(Ah, note that I am considering very simple streaming apps here, e.g. event
enrichment apps.  No windowing or complex state.  The only state is the
Kafka offsets, which I suppose would also have to be managed from Kafka,
not from Flink state.)



On Wed, Oct 5, 2022 at 9:54 AM Andrew Otto <o...@wikimedia.org> wrote:

> Hi all,
>
> *tl;dr: Would it be possible to make a KafkaSource that uses Kafka's built
> in consumer assignment for Flink tasks?*
>
> At the Wikimedia Foundation we are evaluating
> <https://phabricator.wikimedia.org/T307944> whether we can use a Kafka
> 'stretch' cluster to simplify the multi-datacenter deployment architecture
> of streaming applications.
>
> A Kafka stretch cluster is one in which the brokers span multiple
> datacenters, relying on the usual Kafka broker replication for multi DC
> replication (rather than something like Kafka MirrorMaker).  This is
> feasible with Kafka today mostly because of follower fetching
> <https://cwiki.apache.org/confluence/display/KAFKA/KIP-392%3A+Allow+consumers+to+fetch+from+closest+replica>
> support, allowing consumers to be assigned to consume from partitions that
> are 'closest' to them, e.g. in the same 'rack' (or DC :) ).
>
> Having a single Kafka cluster makes datacenter failover for streaming
> applications a little bit simpler, as there is only one set of offsets to
> use when saving state.  We can run a streaming app in active/passive mode.
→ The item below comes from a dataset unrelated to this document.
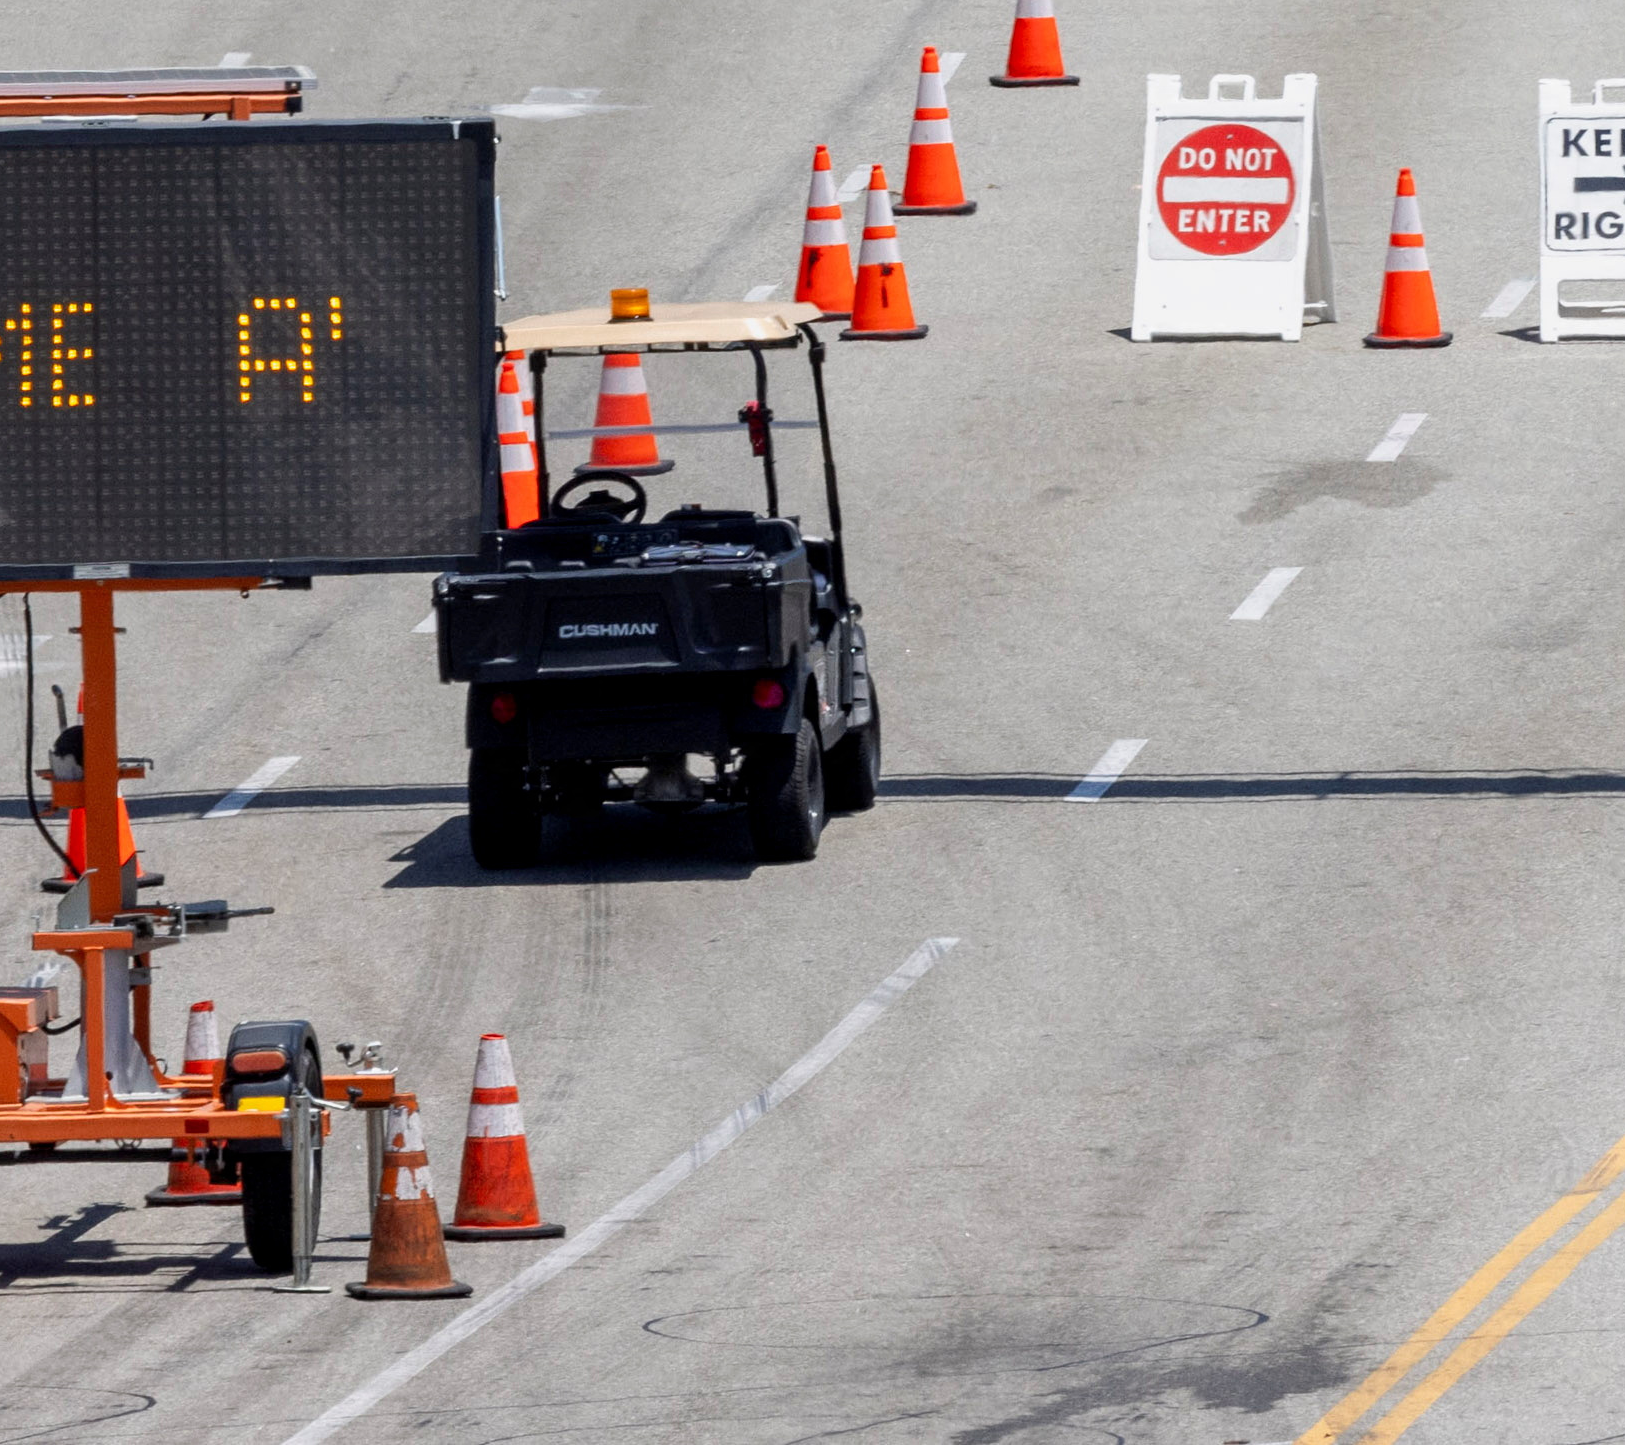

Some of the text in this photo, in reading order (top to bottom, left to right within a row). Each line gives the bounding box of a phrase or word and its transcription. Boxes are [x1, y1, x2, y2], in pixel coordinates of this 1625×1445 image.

[1178, 145, 1278, 172] DO NOT
[1178, 207, 1271, 234] ENTER
[558, 622, 659, 640] CUSHMAN
> This would allow us to stop the app in one datacenter, and then start it up
> in another, using the same state snapshot and same Kafka cluster.
>
> But, this got me wondering...would it be possible to run a streaming app
> in an active/active mode, where in normal operation, half of the work was
> being done in each DC, and in failover, all of the work would automatically
> failover to the online DC.
>
> I don't think running a single Flink application cross DC would work well;
> there's too much inter-node traffic happening, and the Flink tasks don't
> have any DC awareness.
>
> But would it be possible to run two separate streaming applications in
> each DC, but in the *same Kafka consumer group*? I believe that, if the
> streaming app was using Kafka's usual consumer assignment and rebalancing
> protocol, it would.  Kafka would just see clients connecting from either DC
> in the same consumer group, and assign each consumer an equal number of
> partitions to consume, resulting in equal partition balancing in DCs.  If
> we shut down one of the streaming apps, Kafka would automatically rebalance
> the consumers in the consumer group, assigning all of the work to the
> remaining streaming app in the other DC.
>
> I got excited about this possibility, only to learn that Flink's
> KafkaSource does not use Kafka for consumer assignment.  I think I
> understand why it does this: the Source API can do a lot more than Kafka,
> so having some kind of state management (offsets) and task assignment
> (Kafka consumer balance protocol) outside of the usual Flink Source would
> be pretty weird.  Implementing offset and task assignment inside of the
> KafkaSource allows it to work like any other Source implementation.
>
> However, this active/active multi DC streaming app idea seems pretty
> compelling, as it would greatly reduce operator/SRE overhead.  It seems to
> me that any Kafka streaming app that did use Kafka's built in consumer
> assignment protocol (like Kafka Streams) would be deployable in this way.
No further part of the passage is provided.